**TASK TO COMPLETE:** Set down the lines below, exactly, starting at the one that contains "Some of the words" and stopping at the last line, inclusive. Omit pictures.

Collected data:
=== Section Start ===

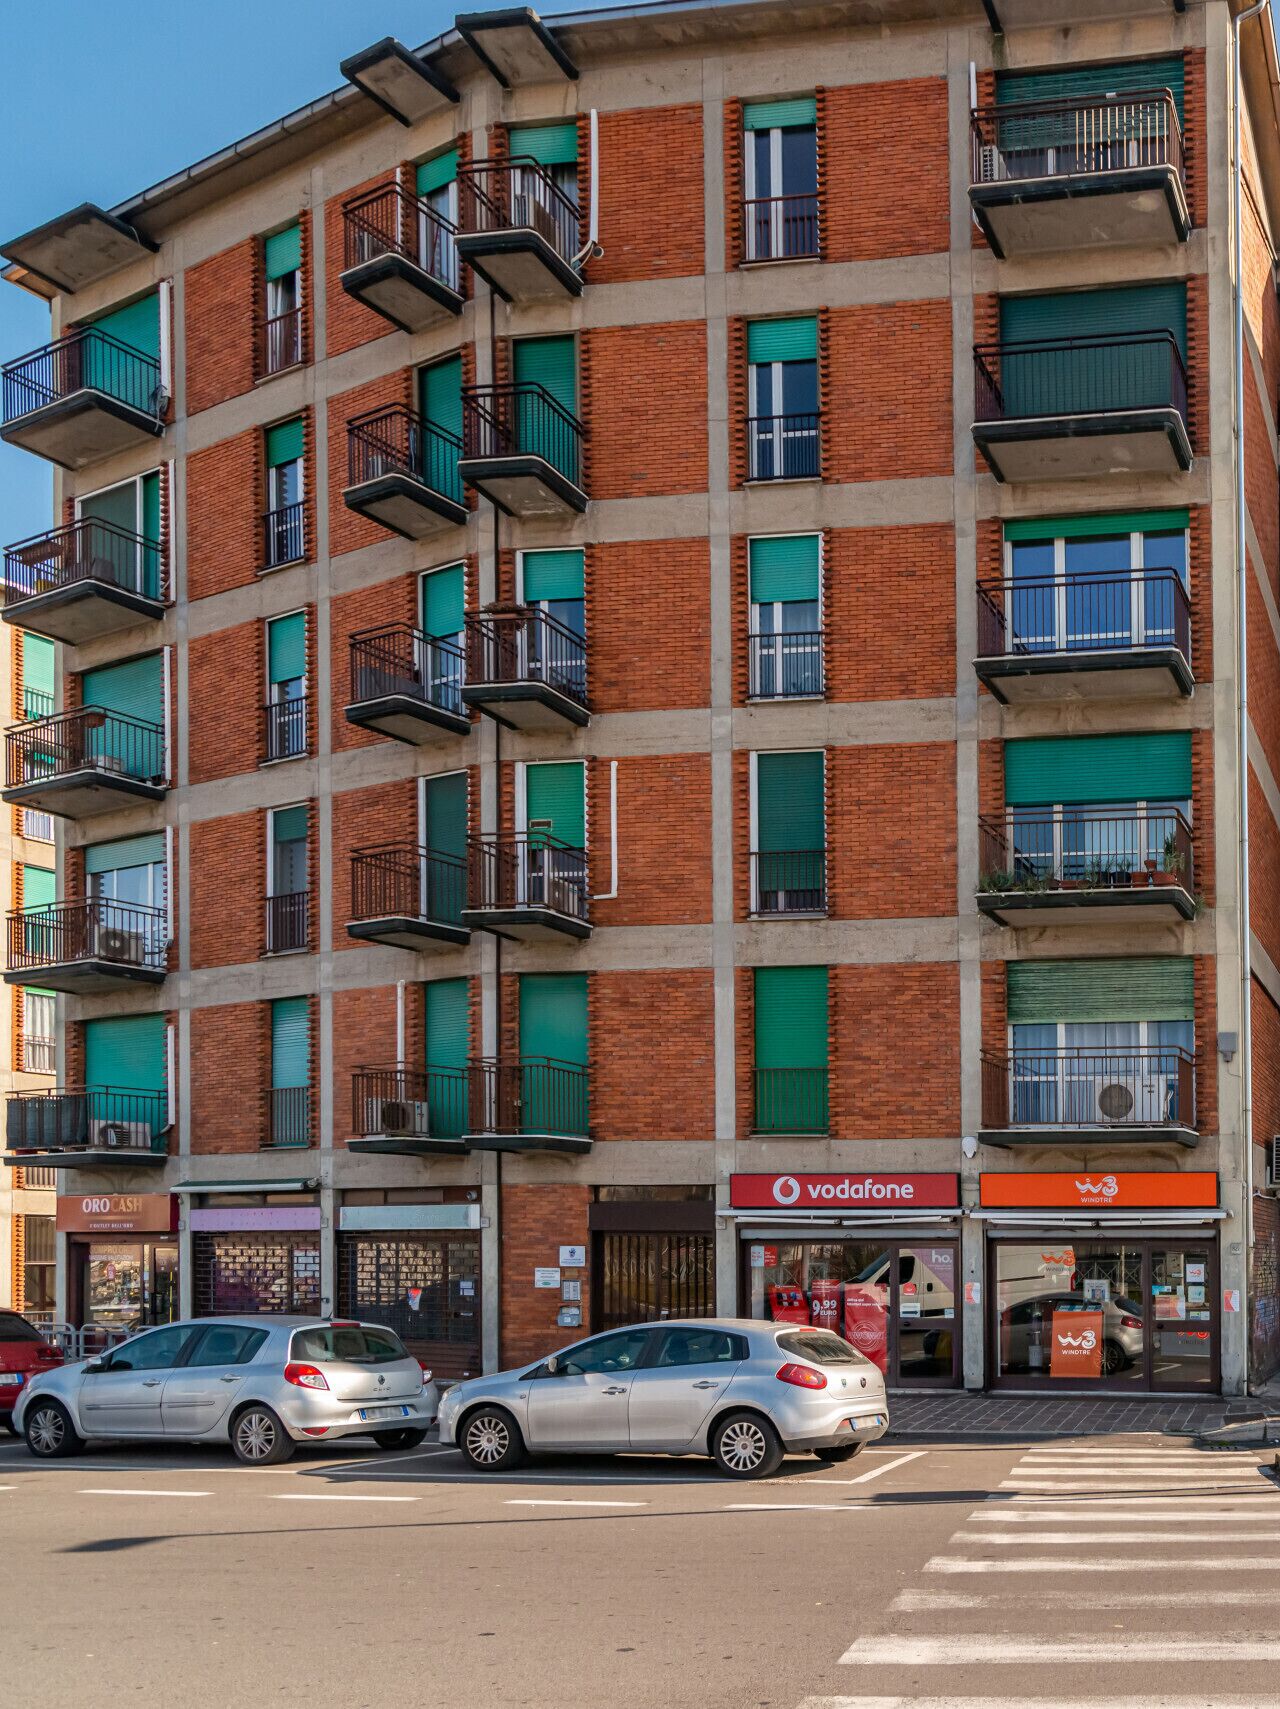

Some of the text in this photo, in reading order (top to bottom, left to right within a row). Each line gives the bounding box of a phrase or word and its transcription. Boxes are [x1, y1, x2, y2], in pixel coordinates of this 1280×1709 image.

[808, 1179, 914, 1199] vodafone
[82, 1198, 143, 1213] ORO CASH
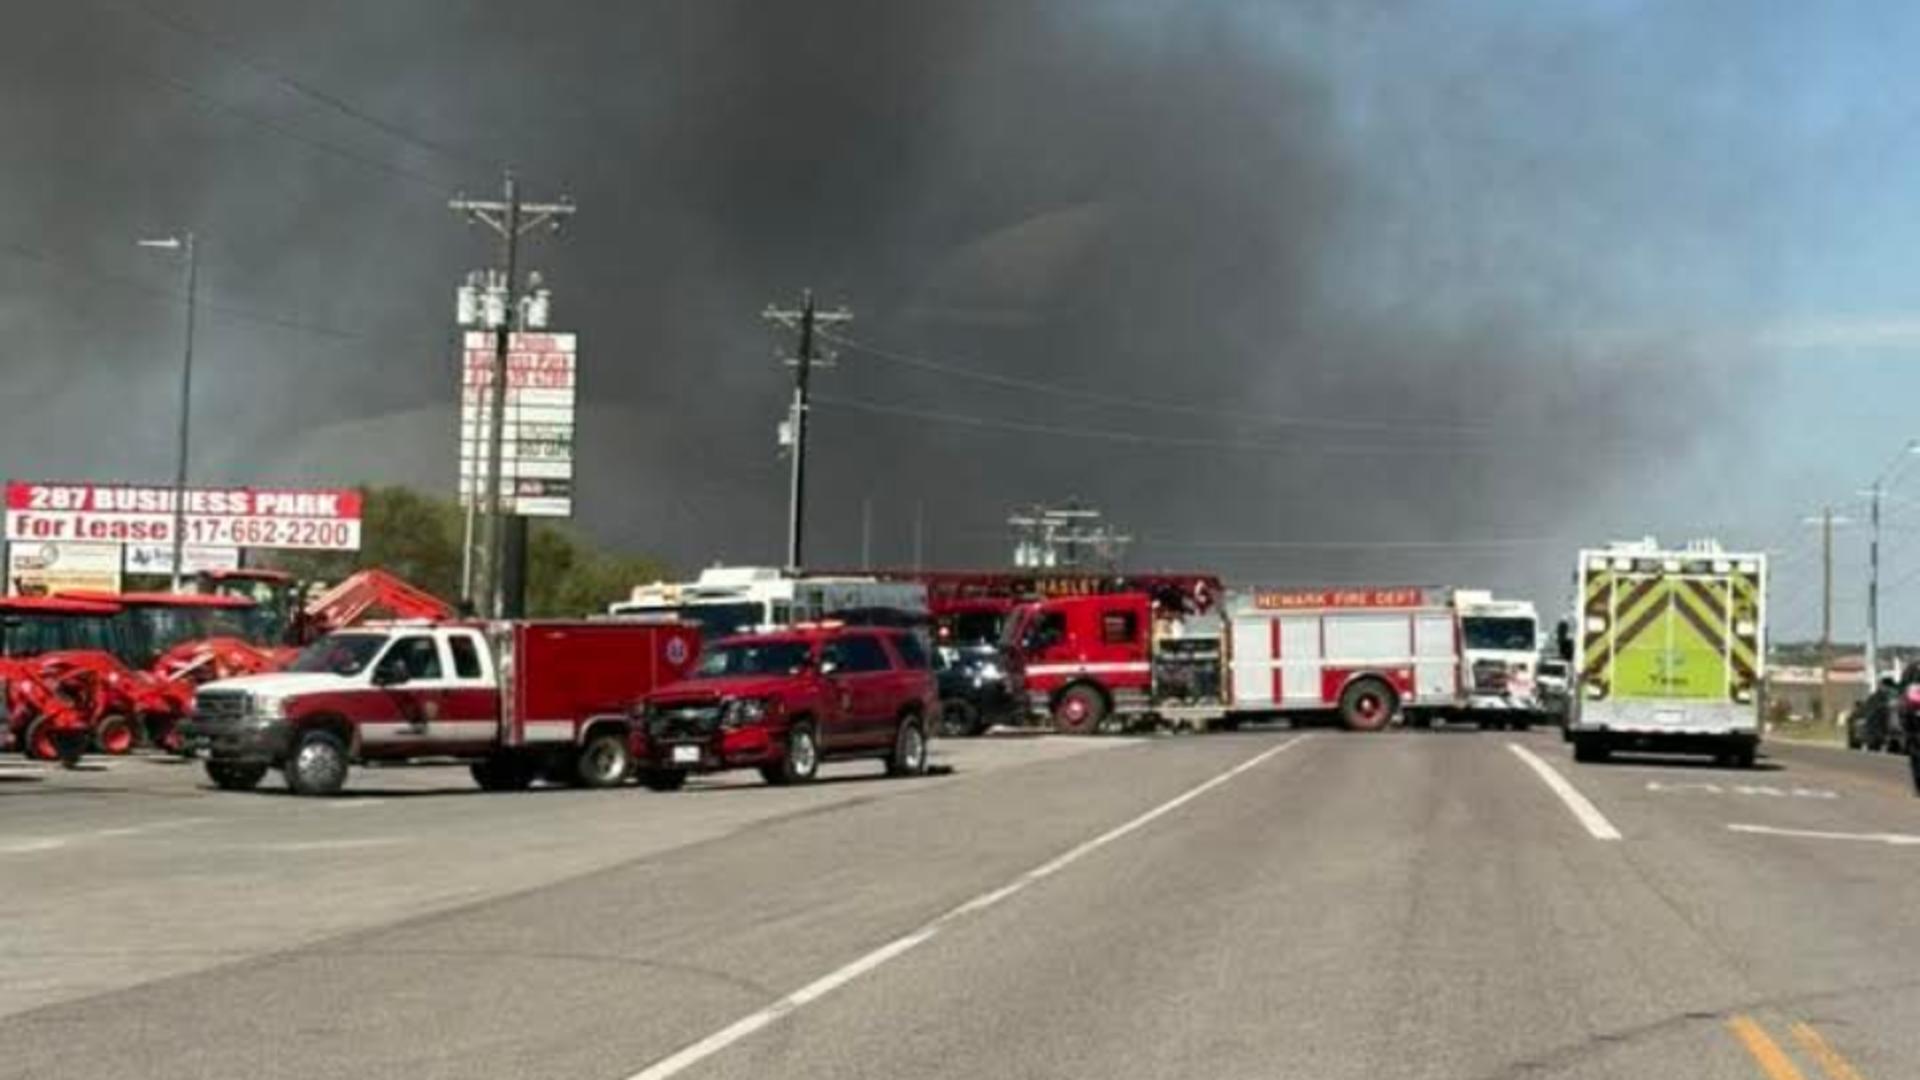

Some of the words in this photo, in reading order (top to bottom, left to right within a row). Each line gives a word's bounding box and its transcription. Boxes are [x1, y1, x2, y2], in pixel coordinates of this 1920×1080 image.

[30, 487, 86, 510] 287
[255, 492, 338, 516] PARK
[16, 515, 66, 538] For
[74, 516, 168, 540] Lease
[1333, 589, 1367, 606] FIRE
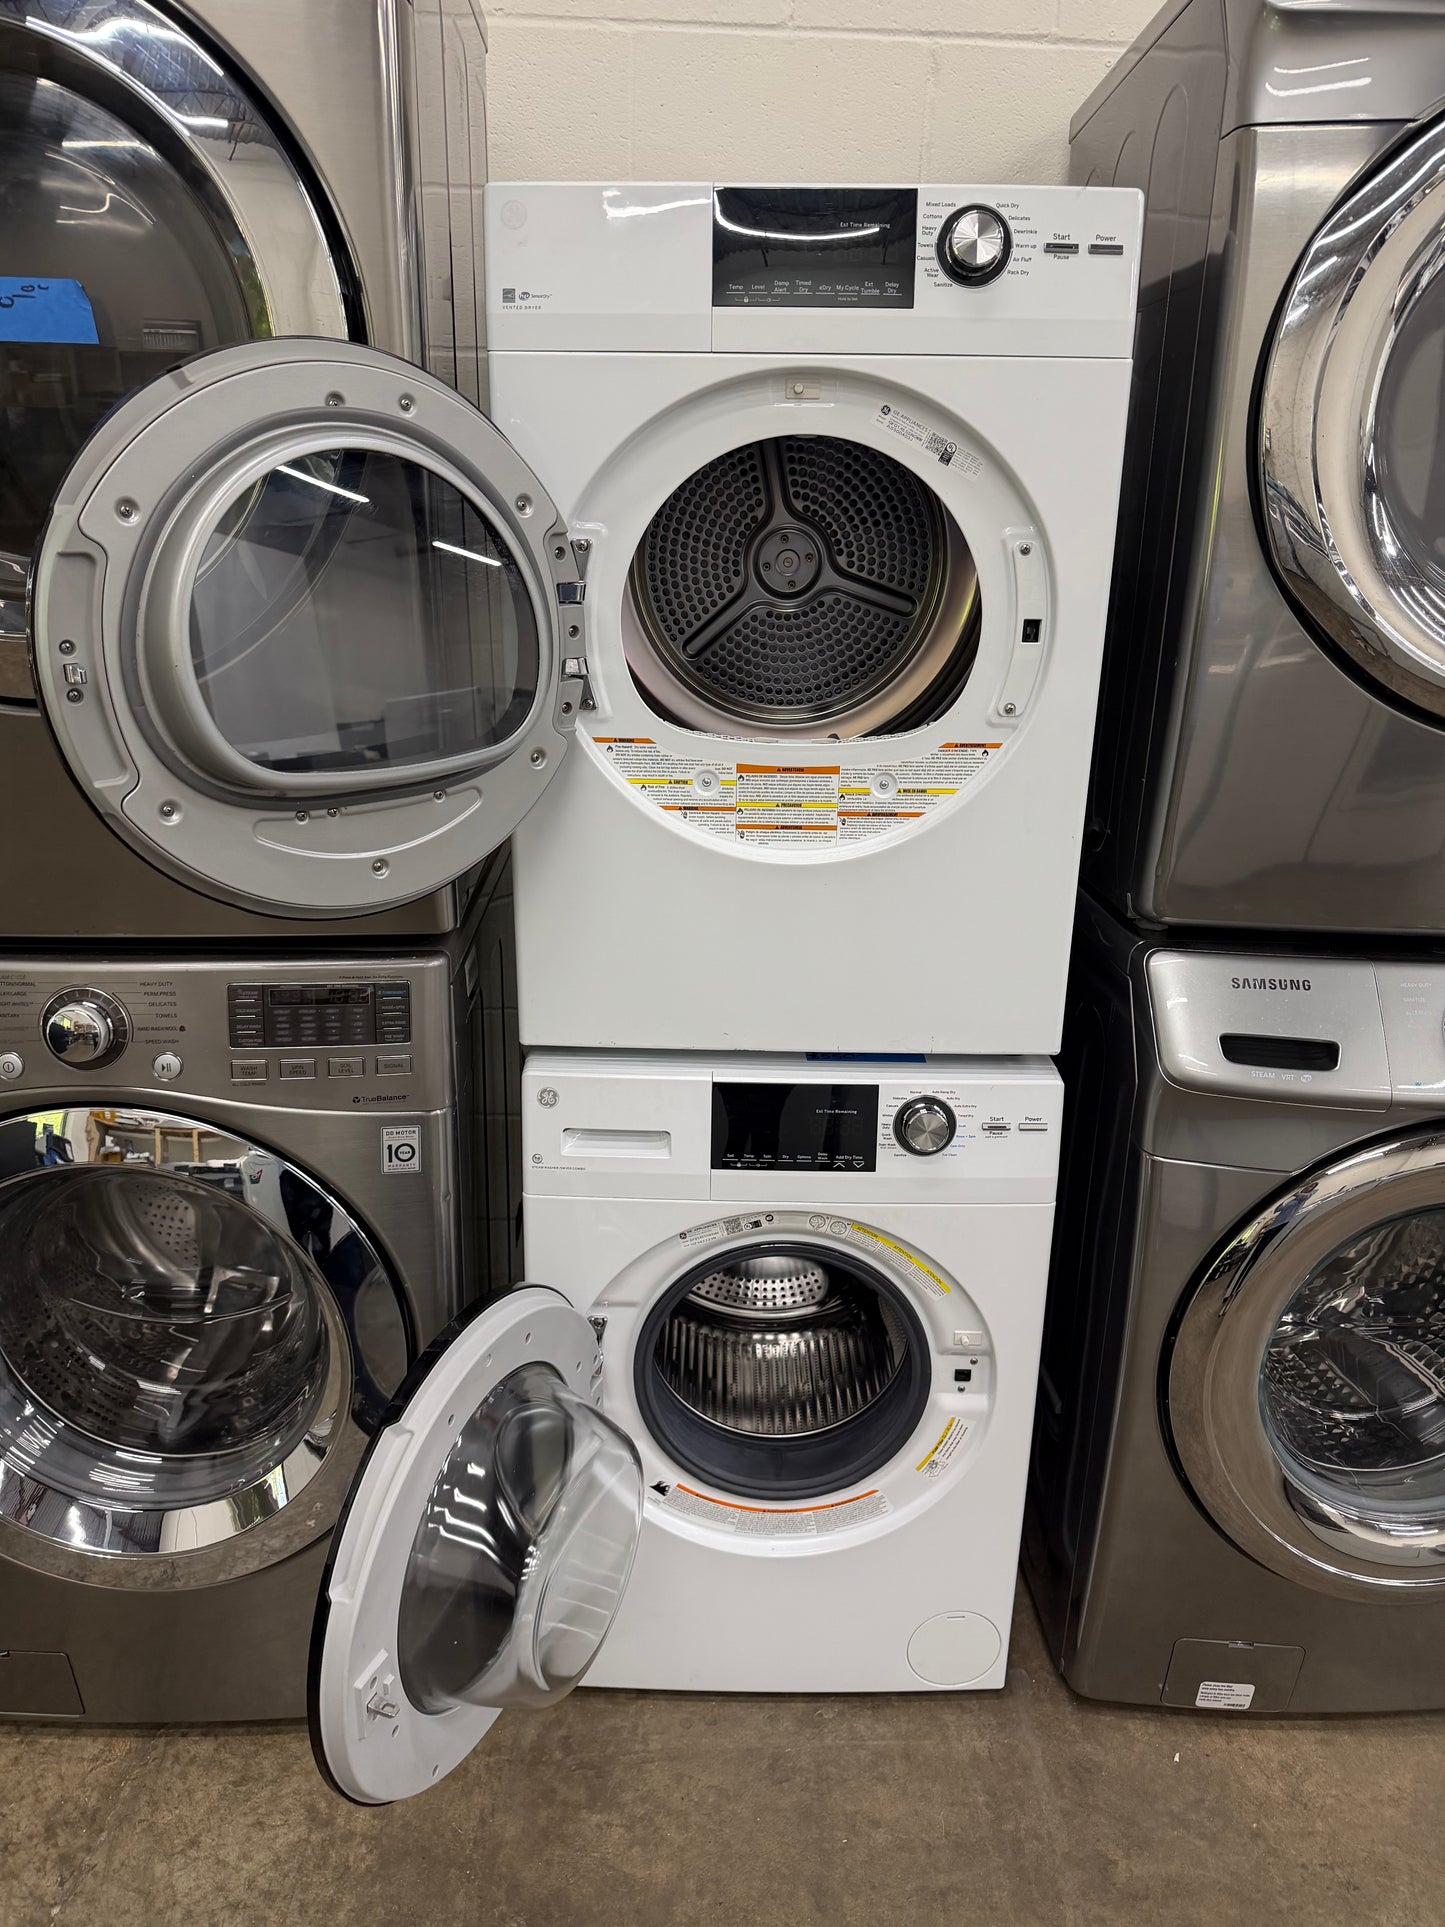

=== Section End ===

**WRITTEN RESPONSE:**
Some of the words in this photo, in reading order (top to bottom, left to right within a row). Each line gives a word's bounding box and its transcription. Boxes are [x1, y1, x2, y2], in pixel coordinates of this 1920×1080 image.

[30, 487, 86, 510] 287
[255, 492, 338, 516] PARK
[16, 515, 66, 538] For
[74, 516, 168, 540] Lease
[1333, 589, 1367, 606] FIRE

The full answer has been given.